DATA:
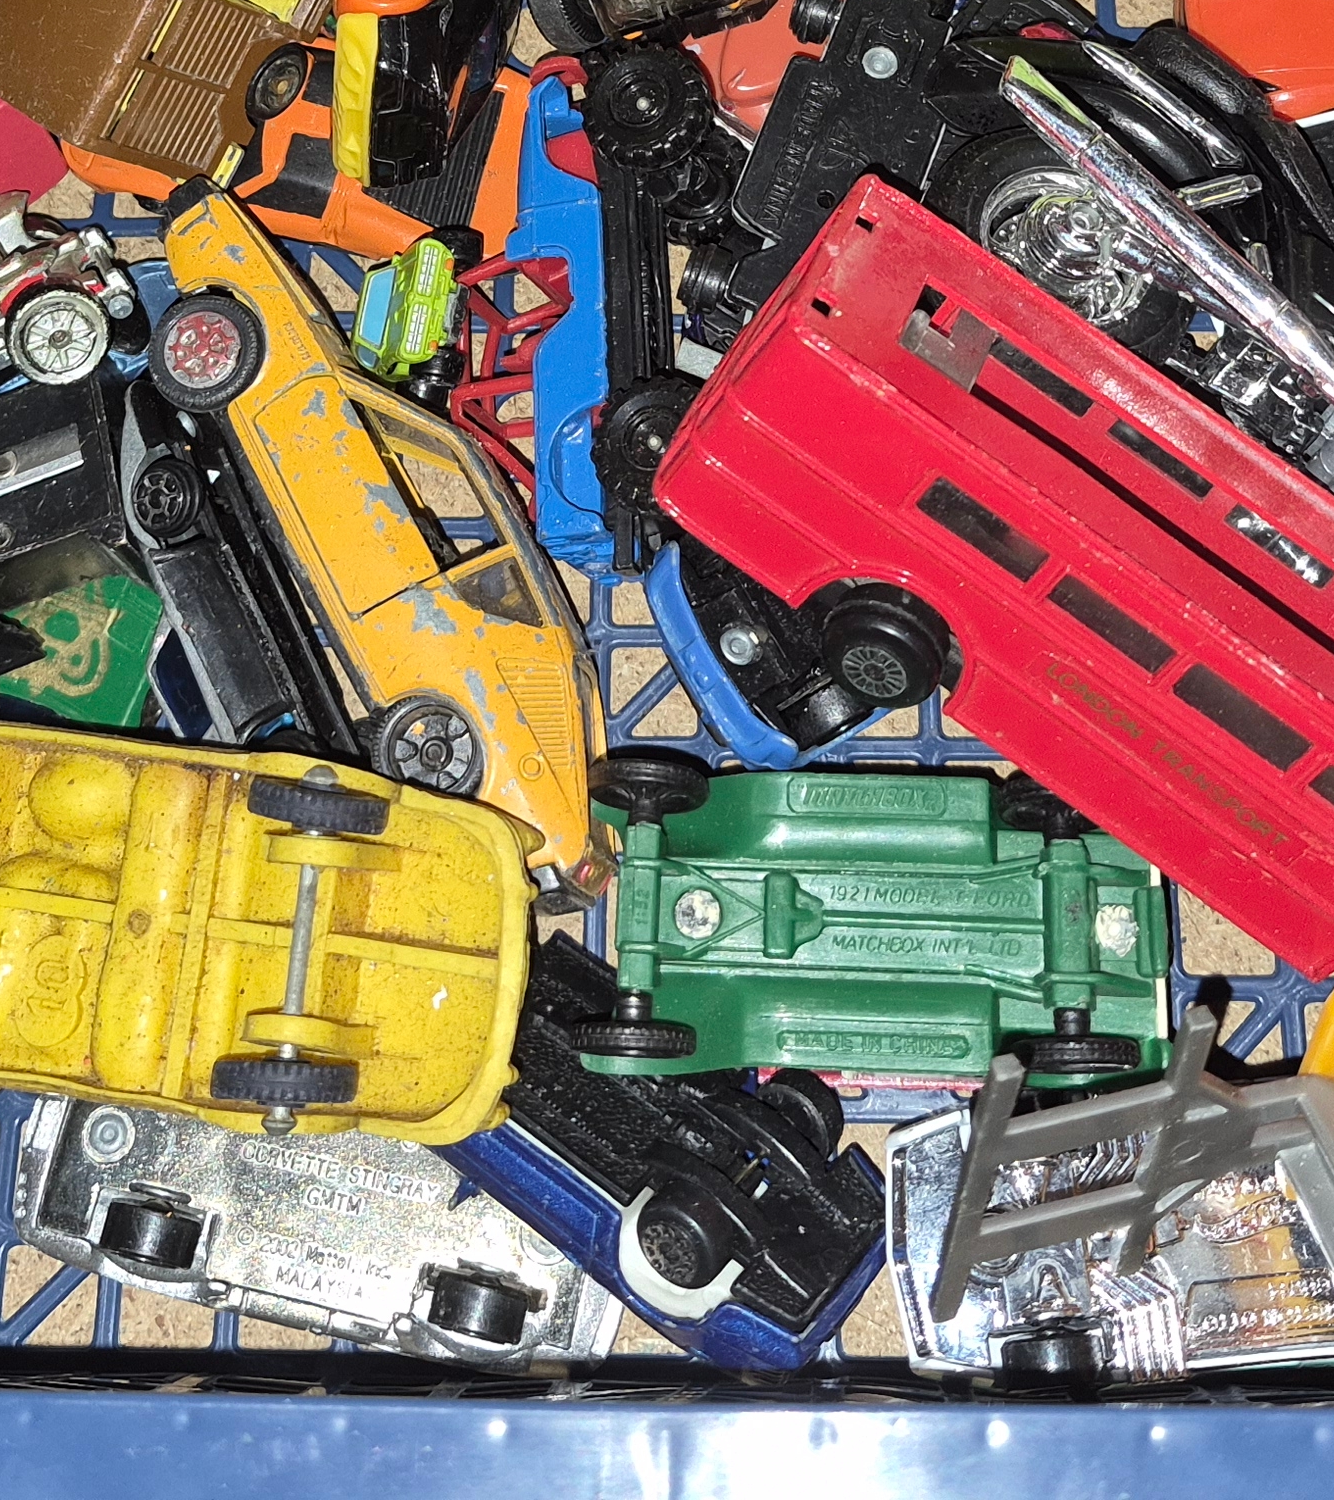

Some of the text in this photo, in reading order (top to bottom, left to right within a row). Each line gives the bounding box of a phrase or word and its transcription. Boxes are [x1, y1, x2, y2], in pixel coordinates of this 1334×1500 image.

[1042, 658, 1289, 849] LONDON TRANSPORT
[831, 934, 924, 953] MATCHBOX
[859, 1034, 881, 1051] IN
[888, 1035, 954, 1054] CHINA
[239, 1140, 442, 1203] CORVETTE STINGRAY
[305, 1186, 364, 1215] GMTM

INSTRUCTIONS TO FOLLOW: When you restate the listing, keep every word as it is and drop the pictures.

EXERCISE RESULT:
Some of the text in this photo, in reading order (top to bottom, left to right within a row). Each line gives the bounding box of a phrase or word and its transcription. Boxes are [x1, y1, x2, y2], in pixel coordinates of this 1334×1500 image.

[1042, 658, 1289, 849] LONDON TRANSPORT
[831, 934, 924, 953] MATCHBOX
[859, 1034, 881, 1051] IN
[888, 1035, 954, 1054] CHINA
[239, 1140, 442, 1203] CORVETTE STINGRAY
[305, 1186, 364, 1215] GMTM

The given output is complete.